I tend to doubt that some bad karma, or mystic aligning of dark stars, accounts for issues coming all at once in small towns. The reality is that every place has its problems. But many short-term or institutionalized local problems stay under the radar until people mobilize to do something about one of them.
Once citizens get activated on on thing, they start to notice all the other things that are amiss, from ingrained problems with their local government, to proposals which appear quietly in the legal notices. They learn how zoning and planning regulations work (or don’t work). They educate themselves about their State’s open meetings laws and freedom of information acts. They put their local reps’ numbers on speed dial, and encourage neighbors to attend meetings.
Soon enough, they realize that politics is often at the root of the problem. So then they start registering new people to vote, explaining to existing voters why it’s so crucial to turn up at the polls, and demonstrating to everyone why it’s essential to pay attention to what happens in Town Hall.
They often also begin asking more fundamental questions: How did these issues arise in the first place? What safeguards and tools do we have? And where do we want to go in the future—both to prevent further controversies, and to take responsibility for bettering the places we live in.
Some of these converging issues may involve compatible groups, or competing ones. But one set of citizens’ willingness (or proven ability) to make progress on one issue tends to inspires others to be less apathetic about their own.
But it’s that first issue which turns on people’s radar, and makes everyone realize how little real adult supervision there is most places. If you want to live in a safe, healthy, vibrant community, the burden of responsibility falls as much or more on “ordinary” citizens than on local government or big name institutions, both of which are often the last to recognize a problem as it develops.

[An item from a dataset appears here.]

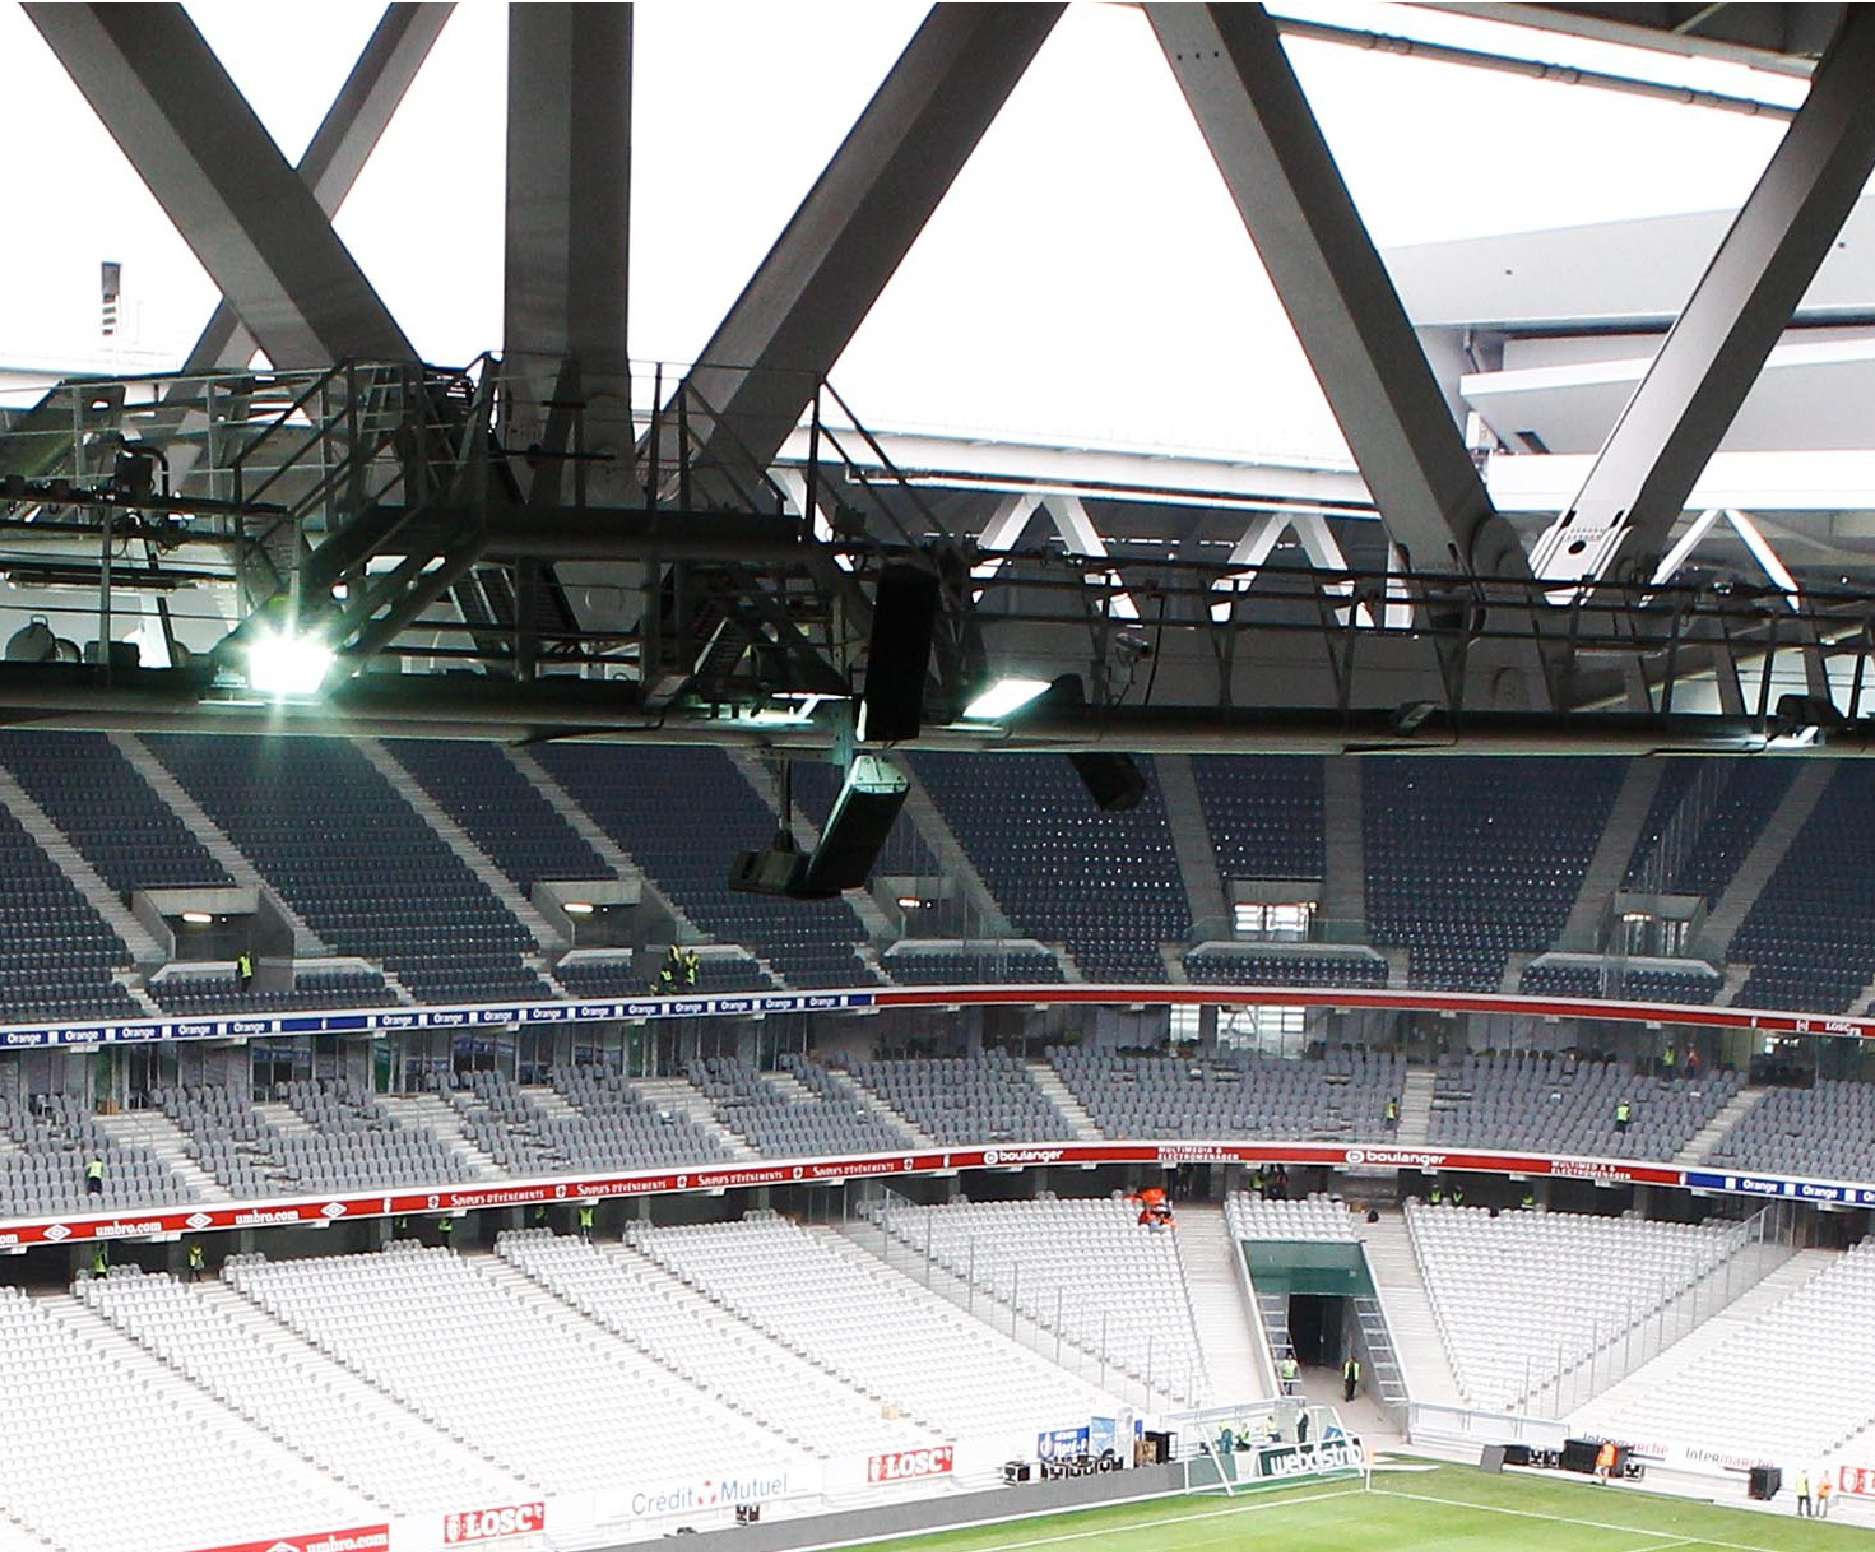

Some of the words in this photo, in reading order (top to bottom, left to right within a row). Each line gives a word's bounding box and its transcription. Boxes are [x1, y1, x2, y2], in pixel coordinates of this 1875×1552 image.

(In the case of the massive, coal-fired new industrial city proposed in the late 90s by St. Lawrence Cement, pretty much every “major” institution in the region, from local government and development agencies, from the Chamber of Commerce to the Business Council, from the Columbia Land Conservancy to Scenic Hudson, either ignored the problem or even cheerleaded for the project for several years, until grassroots citizens forced everyone to reconsider through sustained, tenacious research and organizing.)
Hudson 3rd Ward Supervisor Ellen Thurston has been known to say that Hudson’s slogan should be: We’ve Got Issues! There’s a general sense among some residents that Hudson is more troubled or turbulent than other municipalities in the area. But if you turn over a rock most anywhere in the County, you’re going to find some worms. Taghkanic was an epicenter of problems for several years, from the Wilzing Racing Manor to Republican vote suppression antics to the Berry Pond mining proposal. Right now in Ghent, a lot of the same rocks are starting to get pried up.